Lindsey Gort (born April 24, 1984) is an American actress. She is known for her portrayals of Samantha Jones on CW's The Carrie Diaries and Amy Quinn on the legal drama series All Rise.

== Career ==
Gort was born in Scottsdale, Arizona. She got involved in the local theater at a young age and her first appearance was in 2009 in a short drama titled Goodbye Horses.

In 2010, she starred in the drama thriller Forgotten Pills and the TV movie Wing Bitches. Gort appeared in a minor role in the 2013 action film 2 Guns.

Her first major break came in 2013, when after being turned down for the role twice, she was cast as a young Samantha Jones in the Sex and the City prequel series "The Carrie Diaries". The older and previous version of the character from Sex and the City was played by Kim Cattrall. Cattrall congratulated Gort on Twitter for winning the role and also offered her some advice on playing the character.

In March 2015, Gort joined the dark-comedy sitcom series Impastor in a recurring role of Ashlee. During 2015, she also starred in a Christmas themed TV movie called How Sarah Got Her Wings.

In 2016, she starred in the CBS TV comedy movie Real Good People.
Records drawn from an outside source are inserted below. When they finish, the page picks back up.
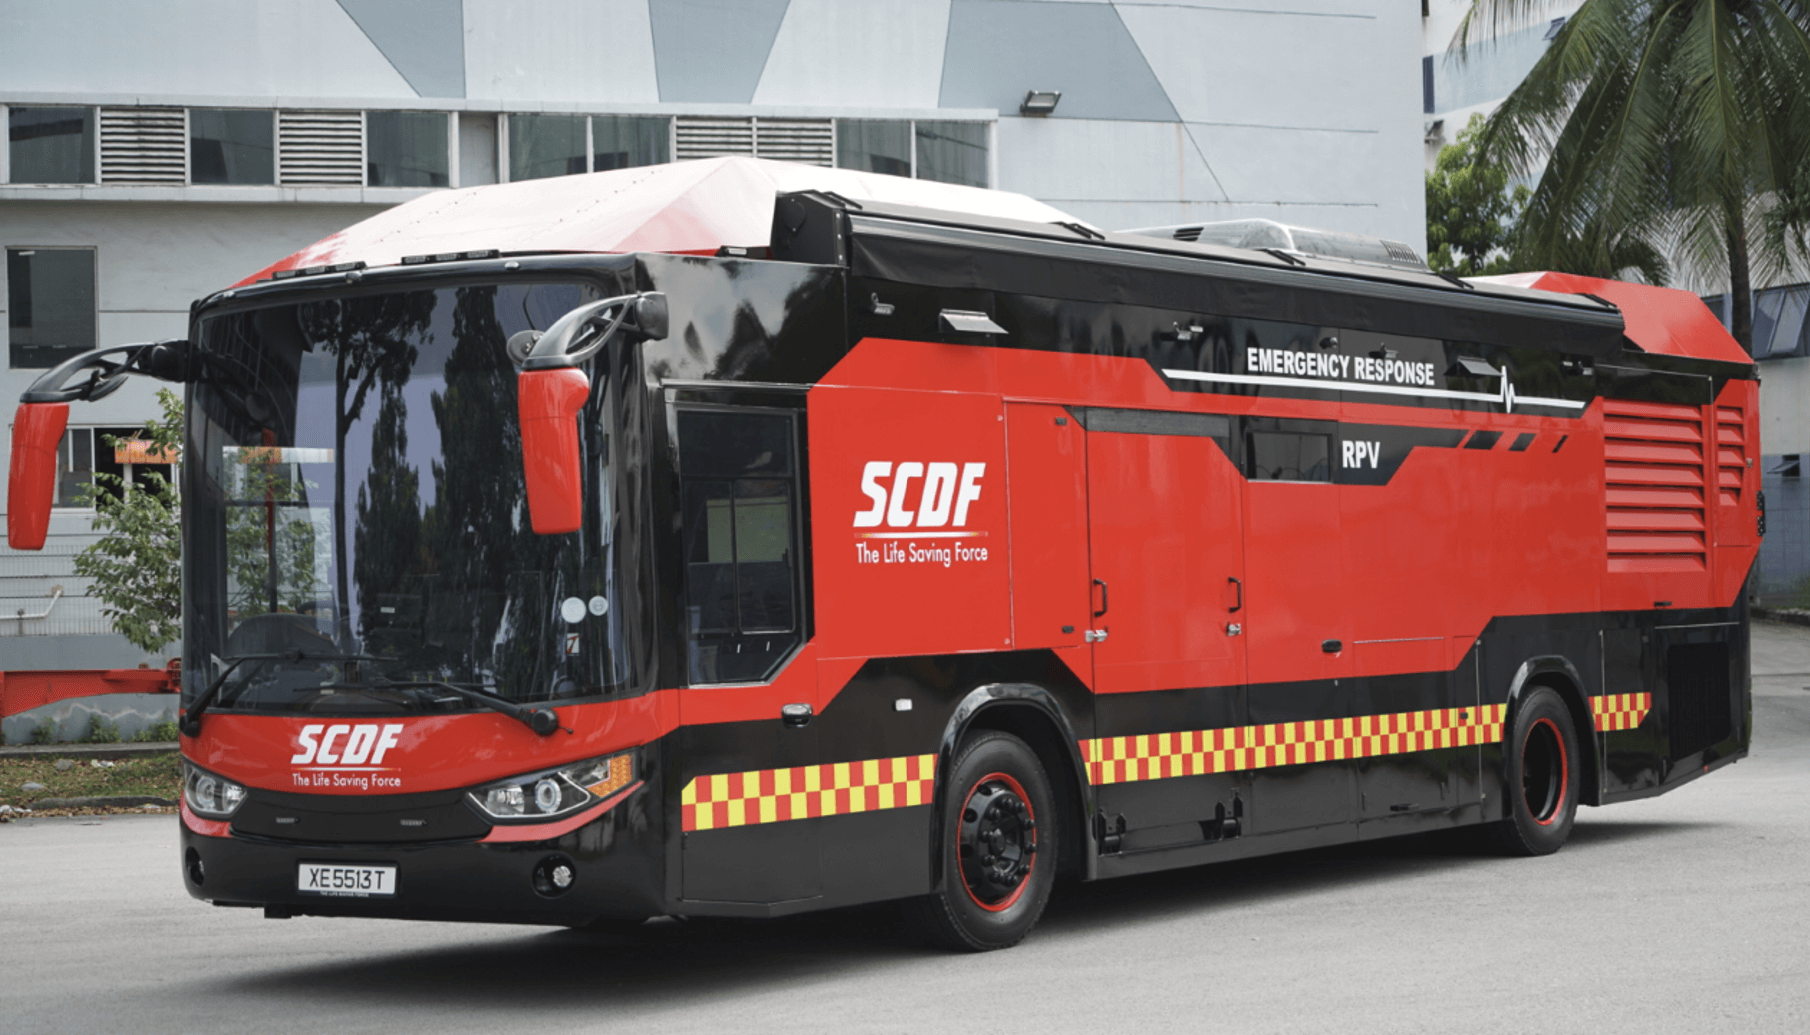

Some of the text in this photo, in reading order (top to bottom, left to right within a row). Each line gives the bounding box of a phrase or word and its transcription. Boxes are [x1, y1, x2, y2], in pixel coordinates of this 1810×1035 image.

[1247, 347, 1436, 386] EMERGENCY RESPONSE
[1342, 440, 1381, 469] RPV
[853, 461, 986, 527] SCDF
[855, 541, 988, 568] The Life Saving Force
[291, 724, 404, 765] SCDF
[292, 772, 402, 790] The Life Saving Force
In September 2017, Gort was cast as the DC comics character Detective Amy Rohrbach on the superhero show Titans. Her appearance on the show was short-lived as the character was killed off in the second episode of the series.

In late 2019, Gort was cast as Amy Quinn on the CBS legal drama series All Rise. Gort made recurring appearances throughout the first season of the show and was subsequently promoted to series regular for the second season of the series. She returned in the show's third season.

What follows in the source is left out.